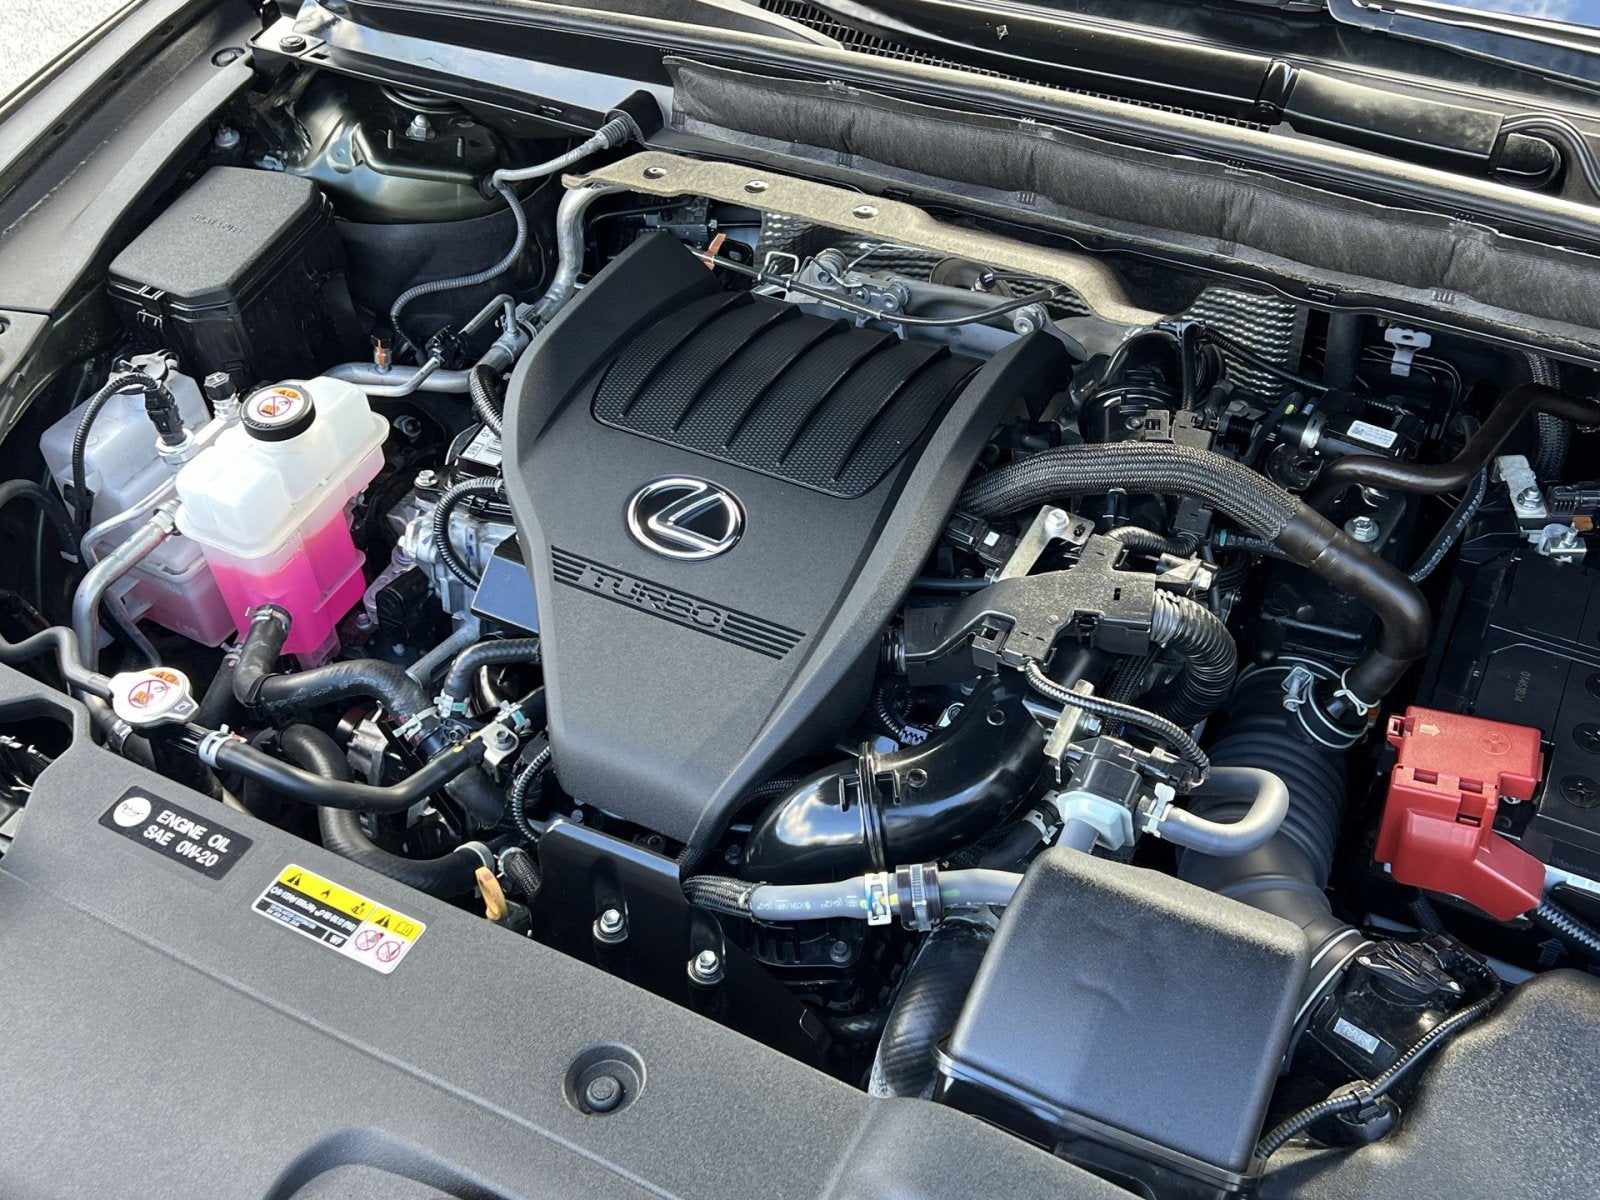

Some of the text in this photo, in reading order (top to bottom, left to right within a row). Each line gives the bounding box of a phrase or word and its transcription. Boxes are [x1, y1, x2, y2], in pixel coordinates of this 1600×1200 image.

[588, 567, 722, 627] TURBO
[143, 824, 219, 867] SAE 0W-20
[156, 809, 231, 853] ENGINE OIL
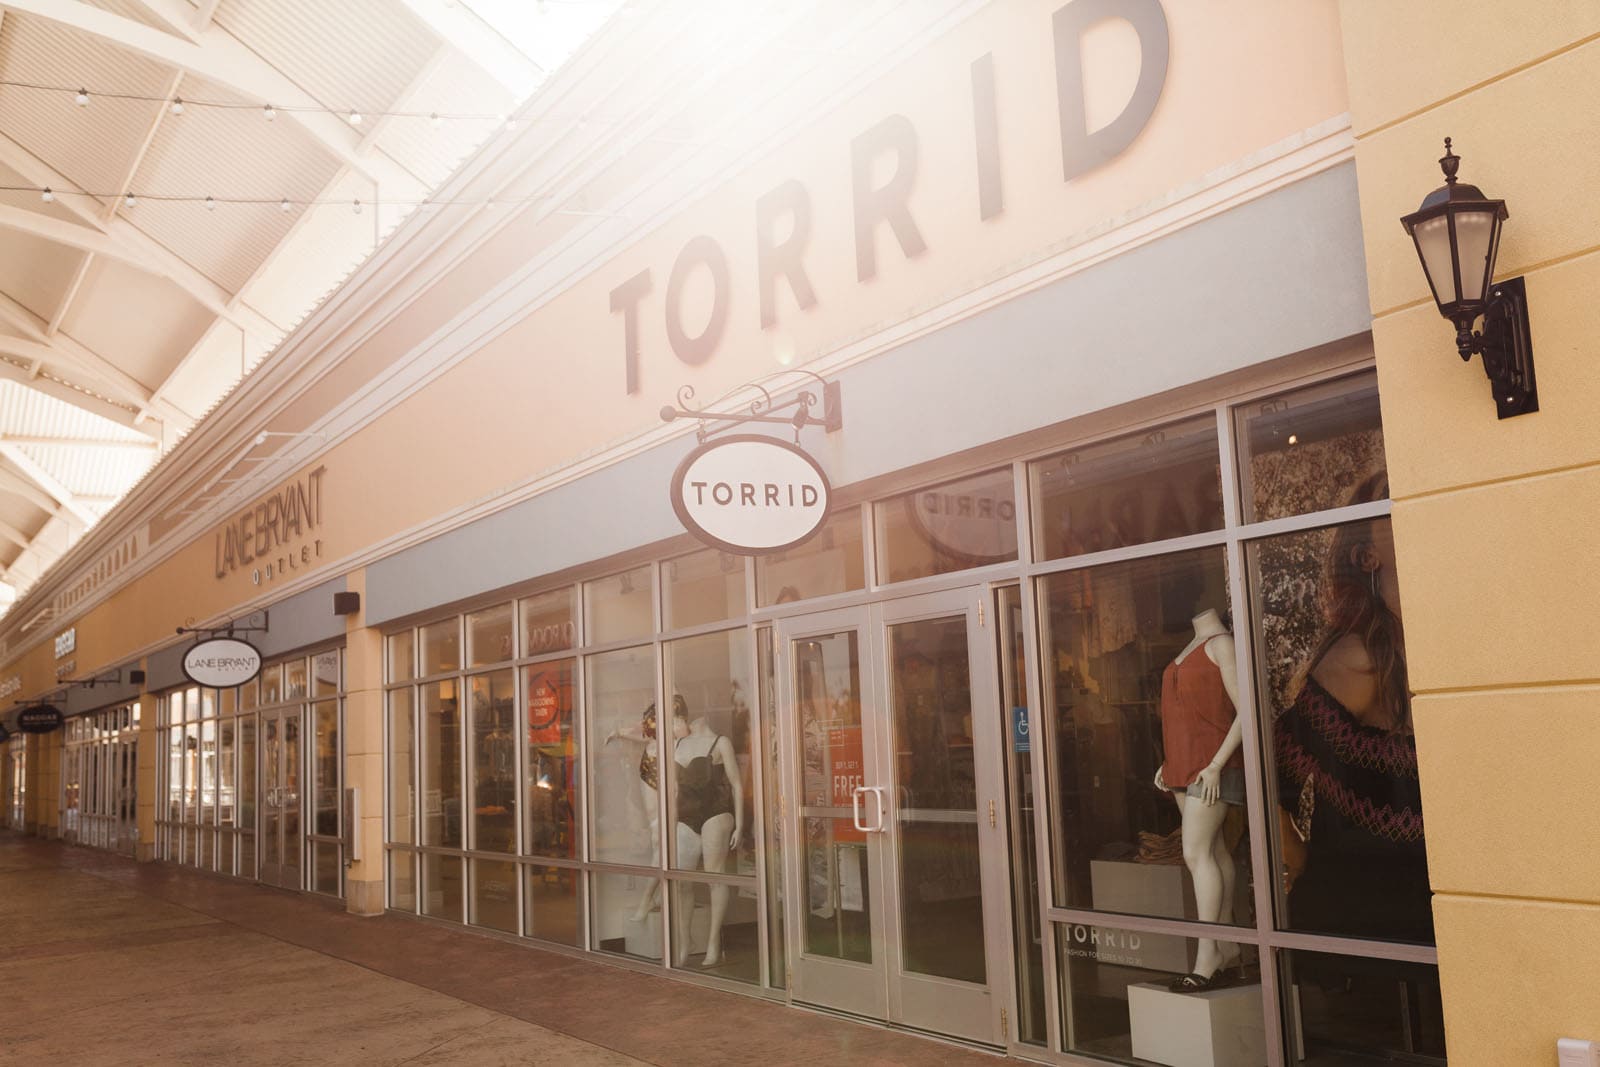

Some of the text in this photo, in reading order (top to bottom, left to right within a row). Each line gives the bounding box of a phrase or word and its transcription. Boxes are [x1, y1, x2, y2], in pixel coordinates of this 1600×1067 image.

▬▬▬▬▬▬

- **WORK REQUEST**
The records above need to be copied exactly, though not their pictures.

- **RESPONSE FOR THIS EXERCISE**
Some of the text in this photo, in reading order (top to bottom, left to right within a row). Each line gives the bounding box of a phrase or word and its transcription. Boxes are [x1, y1, x2, y2], in pixel coordinates of this 1600×1200 image.

[588, 567, 722, 627] TURBO
[143, 824, 219, 867] SAE 0W-20
[156, 809, 231, 853] ENGINE OIL

Some of the text in this photo, in reading order (top to bottom, left to right within a row). Each line gives the bounding box of a phrase or word and its transcription. Boxes are [x1, y1, x2, y2], in pixel coordinates of this 1600×1067 image.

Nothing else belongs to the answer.